L'opinion des mencheviks sur la révolution russe, en somme, n'a jamais été bien claire. Comme les bolcheviks, ils ont parlé de “mener la révolution jusqu'au bout” ; mais, de part et d'autre, on comprenait cette formule d'une façon très limitée : il ne s'agissait que de réaliser “notre programme minimum”, après quoi devait s'ouvrir l'époque d'une exploitation capitaliste “normale”, dans les conditions générales du régime démocratique. Pour “mener la révolution jusqu'au bout”, il fallait pourtant songer à renverser le tsarisme et à faire passer le pouvoir aux mains d'une force sociale révolutionnaire. Laquelle ? Les mencheviks répondaient : la démocratie bourgeoise. Les bolcheviks répondaient : le prolétariat et les paysans.

Mais, qu'est‑ce que la “démocratie bourgeoise” des mencheviks ? Ce terme ne désigne pas un groupe social déterminé, dont l'existence soit réelle et sensible ; c'est une catégorie en dehors de l'histoire, inventée au moyen de la déduction et des analogies, par des journalistes. Parce que la révolution doit être menée “jusqu'au bout”, parce que c'est une révolution bourgeoise, parce que les jacobins, révolutionnaires démocrates, en France, ont mené la révolution jusqu’au bout la révolution russe ne peut transmettre le pouvoir qu'à la démocratie révolutionnaire bourgeoise.

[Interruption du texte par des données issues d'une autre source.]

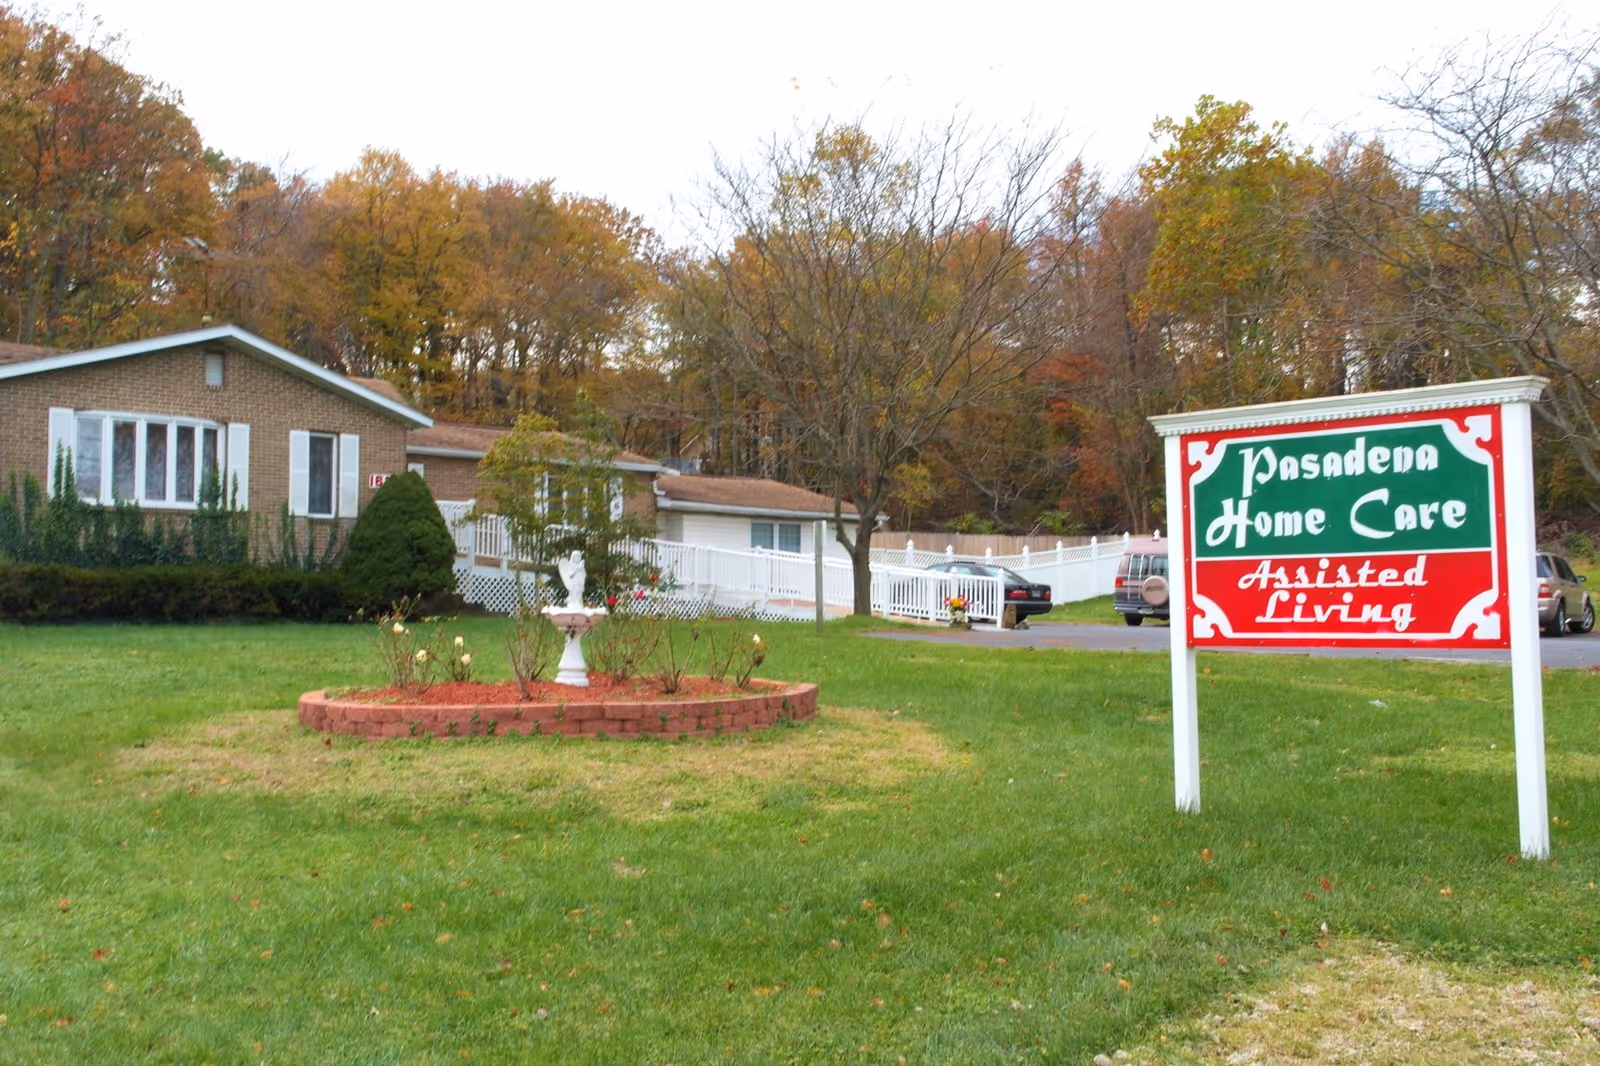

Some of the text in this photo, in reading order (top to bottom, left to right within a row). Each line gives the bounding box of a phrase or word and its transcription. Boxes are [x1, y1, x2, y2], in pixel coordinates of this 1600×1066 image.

[1238, 436, 1439, 498] Pasadena
[1205, 487, 1467, 549] Home Care
[1238, 554, 1429, 591] Assisted
[1255, 589, 1417, 632] Living
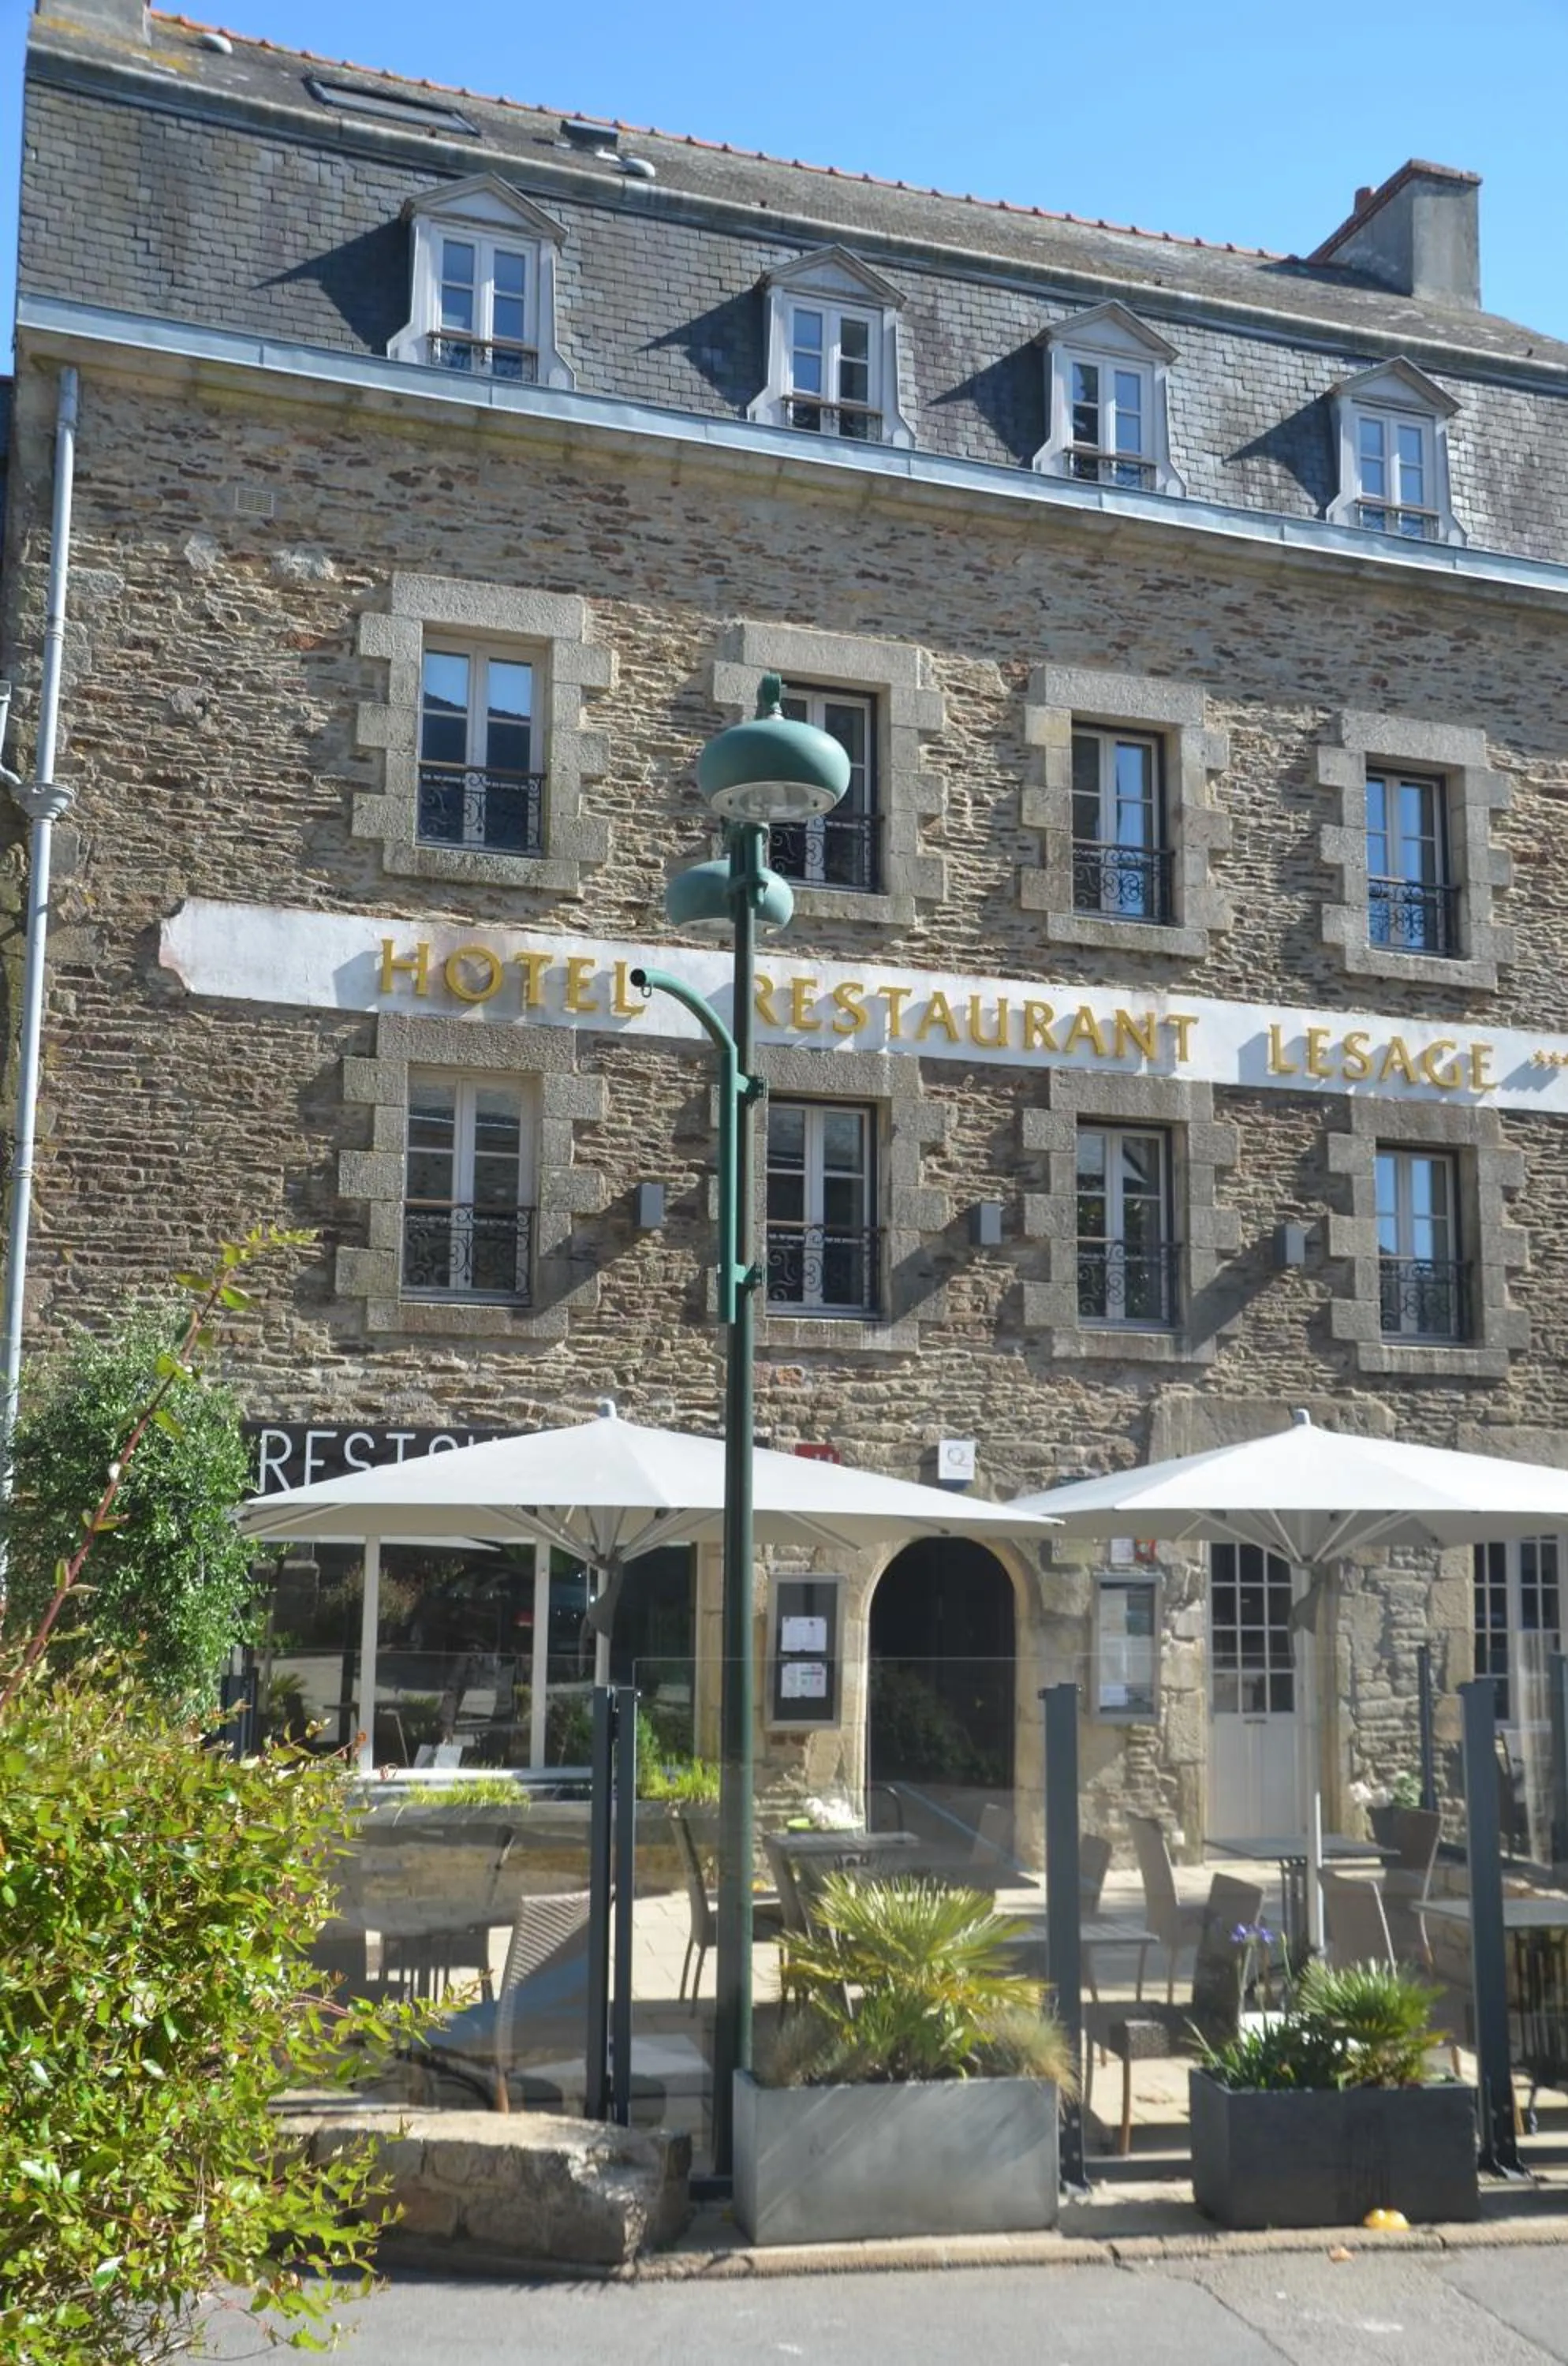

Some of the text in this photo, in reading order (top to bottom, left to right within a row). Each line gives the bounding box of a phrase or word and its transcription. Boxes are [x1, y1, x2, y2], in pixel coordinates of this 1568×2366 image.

Après avoir établi, d'une façon immuable, la formule algébrique de la révolution, les mencheviks s'efforcent ensuite de lui adjoindre des valeurs arithmétiques qui n'existent pas dans la nature. A chaque instant, ils sont arrêtés par ce fait que la social‑démocratie s'accroît et s'affermit aux dépens de la démocratie bourgeoise. Il n'y a pourtant en cela rien d'étonnant ; ce n'est pas par hasard que les choses se présentent ainsi, c'est une conséquence de la structure sociale. Mais, plus le phénomène est naturel, plus il s'oppose nettement aux conceptions artificielles du menchevisme. Ce qui empêche le triomphe de la révolution bourgeoise démocratique, c’est principalement que le parti du prolétariat grandit en force et en importance. De là cette philosophie mencheviste qui voudrait que la social-­démocratie remplisse un rôle trop pénible, trop difficile pour la chétive démocratie bourgeoise, c'est‑à-dire que la social‑démocratie, au lieu d'agir comme le parti indépendant du prolétariat, ne soit qu'une agence révolutionnaire destinée à assurer le pouvoir à la bourgeoisie. Il est évident que, si la social‑démocratie entrait dans cette voie, elle se condamnerait à une impuissance égale à celle de l'aile gauche de notre libéralisme. La nullité de ce dernier et la force grandissante de la social-démocratie révolutionnaire sont deux phénomènes connexes qui se complètent. Les mencheviks ne comprennent pas que, dans la société, ce qui affaiblit la démocratie bourgeoise est en même temps une source de force et d'influence pour la social‑démocratie. Dans l'impuissance de la première, ils croient apercevoir l'impuissance de la révolution même. Faut‑il dire à quel point cette pensée est insignifiante quand on considère les choses du point de vue de la social-­démocratie internationale, en tant que parti d'une transformation socialiste mondiale ? Il suffit de constater quelles sont les conditions réelles de notre révolution. On n'arrivera pas à ressusciter le Tiers‑Etat par des lamentations. Une seule conclusion s'impose : seule la lutte de classe du prolétariat, qui soumet à sa direction révolutionnaire les masses paysannes, peut “mener la révolution jusqu'au bout”.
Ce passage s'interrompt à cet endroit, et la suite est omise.